> [Work required]
The entries below are to be repeated exactly, and their pictures left out.

(Beginning of Data for this exercise)

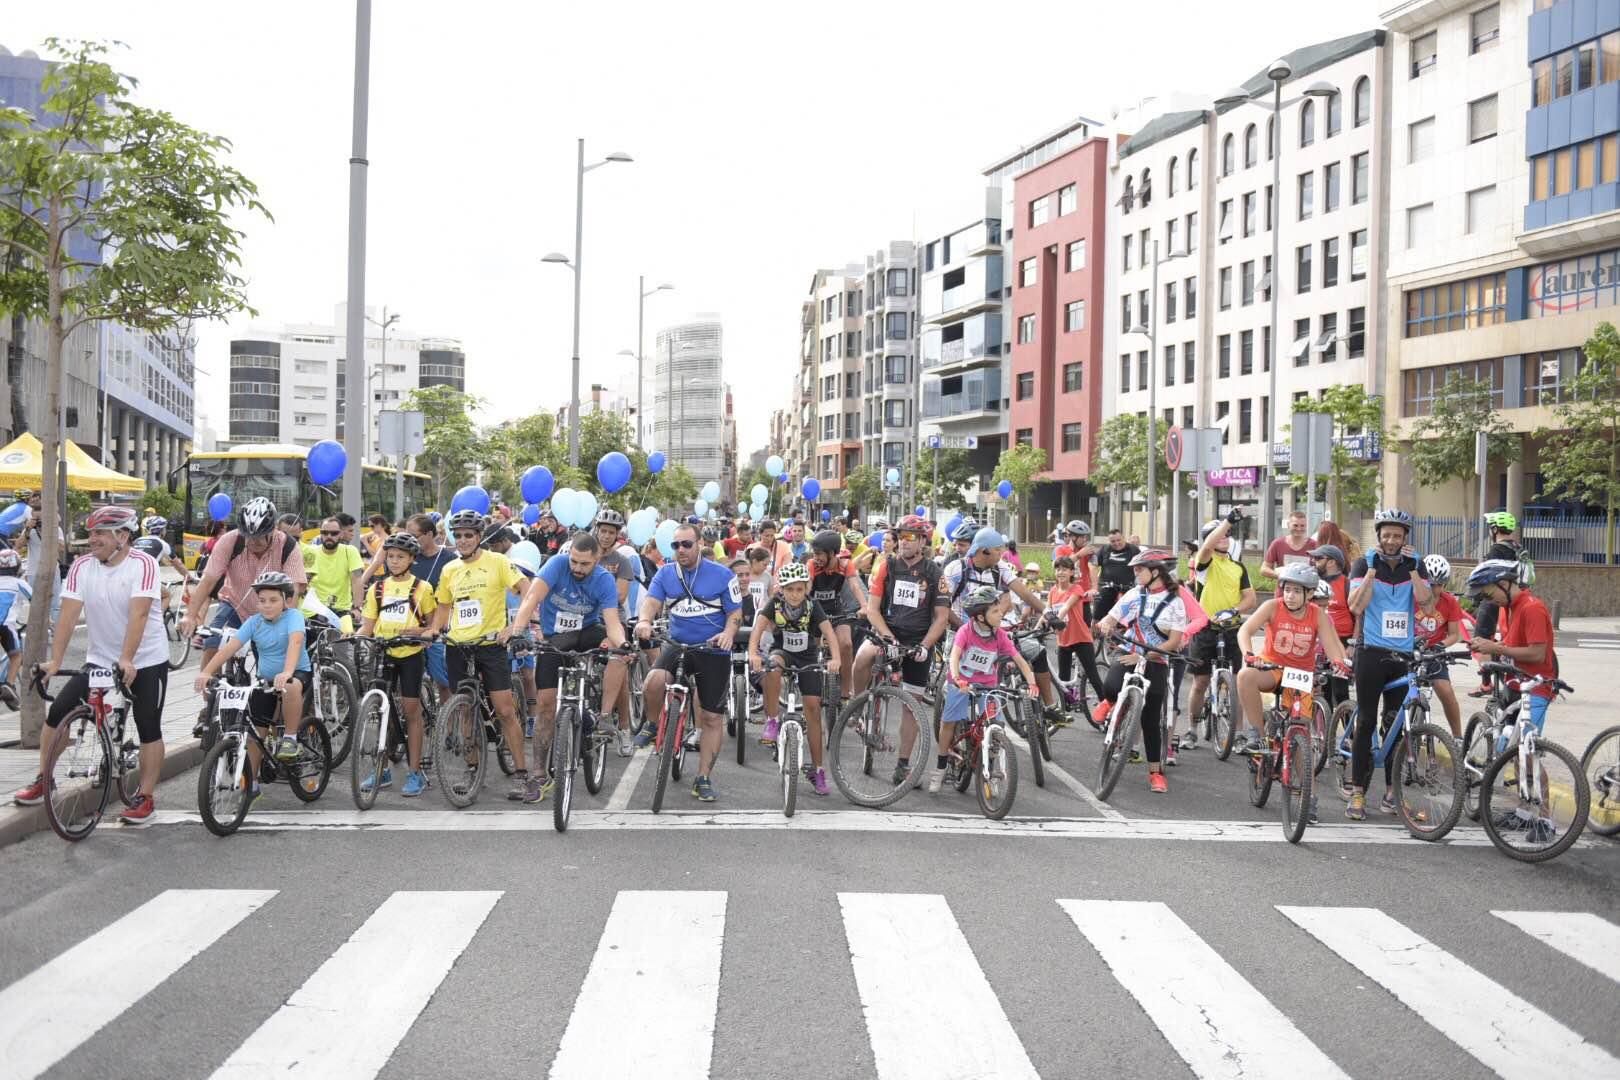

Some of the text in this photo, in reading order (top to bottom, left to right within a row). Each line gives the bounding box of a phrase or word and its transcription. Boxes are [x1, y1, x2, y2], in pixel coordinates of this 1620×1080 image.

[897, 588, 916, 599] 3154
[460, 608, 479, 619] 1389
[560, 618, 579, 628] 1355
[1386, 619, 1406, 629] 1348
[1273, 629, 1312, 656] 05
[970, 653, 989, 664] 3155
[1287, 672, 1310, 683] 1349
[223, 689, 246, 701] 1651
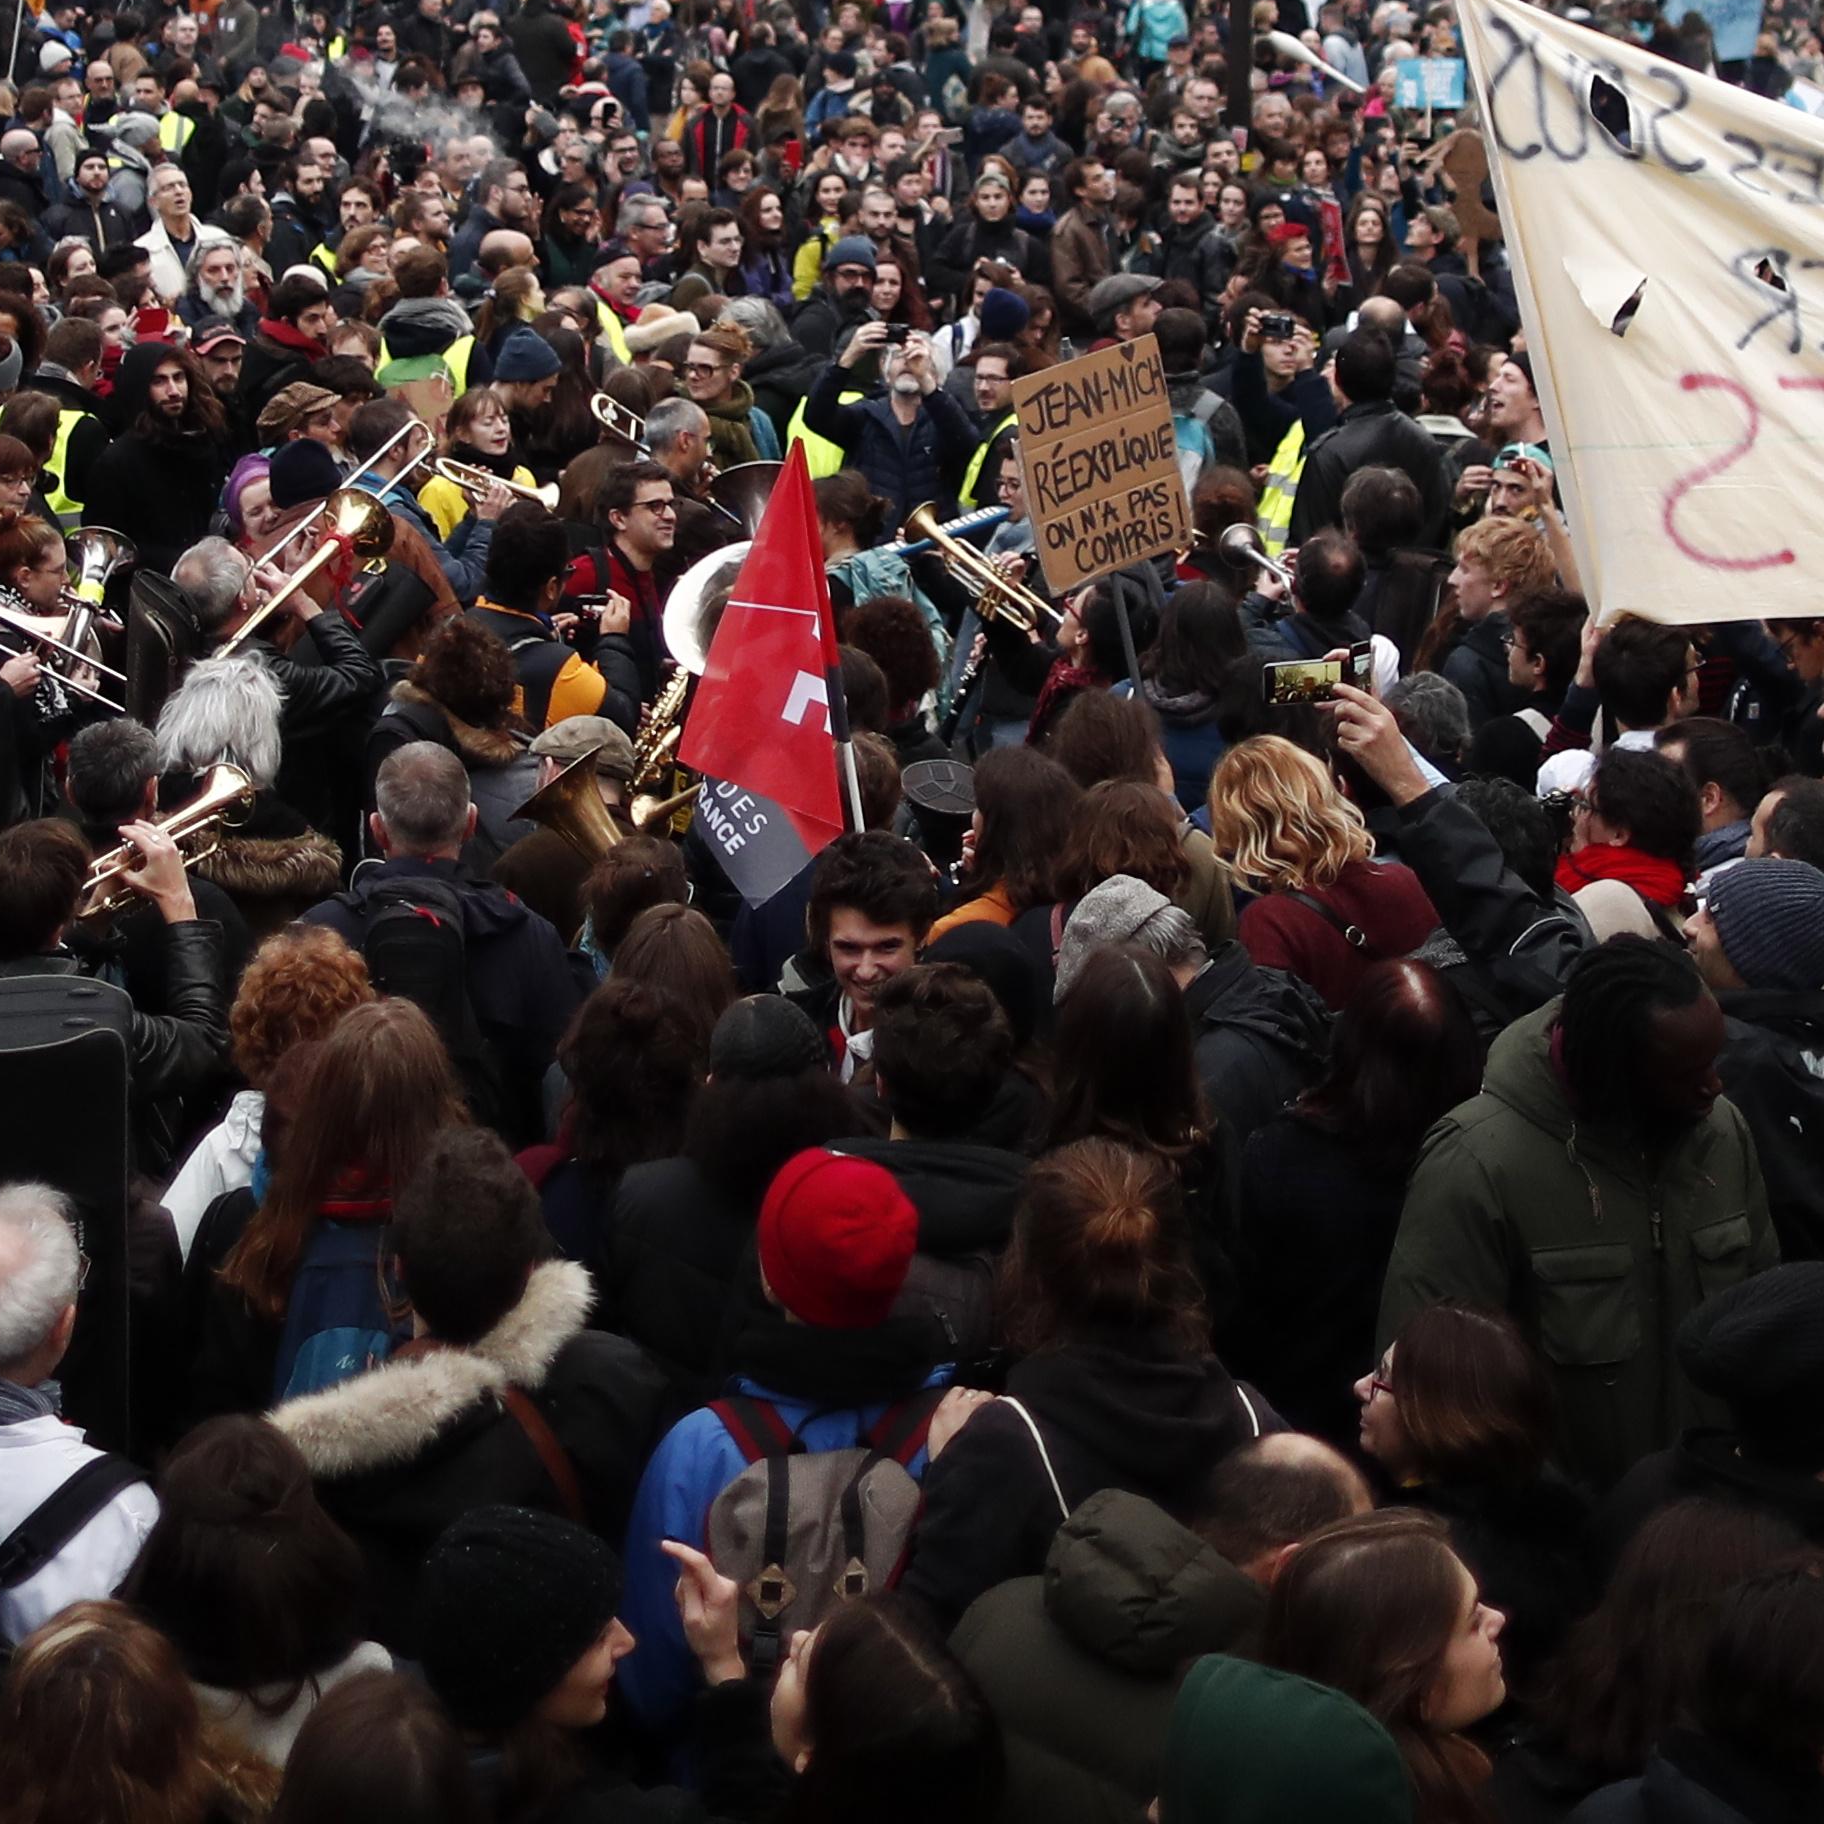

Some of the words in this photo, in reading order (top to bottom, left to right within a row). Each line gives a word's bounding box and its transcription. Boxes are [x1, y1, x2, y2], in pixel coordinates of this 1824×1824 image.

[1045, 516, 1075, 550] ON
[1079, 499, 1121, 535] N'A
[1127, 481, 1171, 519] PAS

(End of Data for this exercise)

> [Output of the task]
Some of the text in this photo, in reading order (top to bottom, left to right within a row). Each line gives the bounding box of a phrase or word and its transcription. Boxes are [x1, y1, x2, y2], in pixel coordinates of this 1620×1080 image.

[897, 588, 916, 599] 3154
[460, 608, 479, 619] 1389
[560, 618, 579, 628] 1355
[1386, 619, 1406, 629] 1348
[1273, 629, 1312, 656] 05
[970, 653, 989, 664] 3155
[1287, 672, 1310, 683] 1349
[223, 689, 246, 701] 1651

Some of the words in this photo, in reading order (top to bottom, left to right within a row). Each line gives a word's bounding box and its transcription. Boxes are [x1, y1, x2, y2], in pixel coordinates of this 1824×1824 image.

[1045, 516, 1075, 550] ON
[1079, 499, 1121, 535] N'A
[1127, 481, 1171, 519] PAS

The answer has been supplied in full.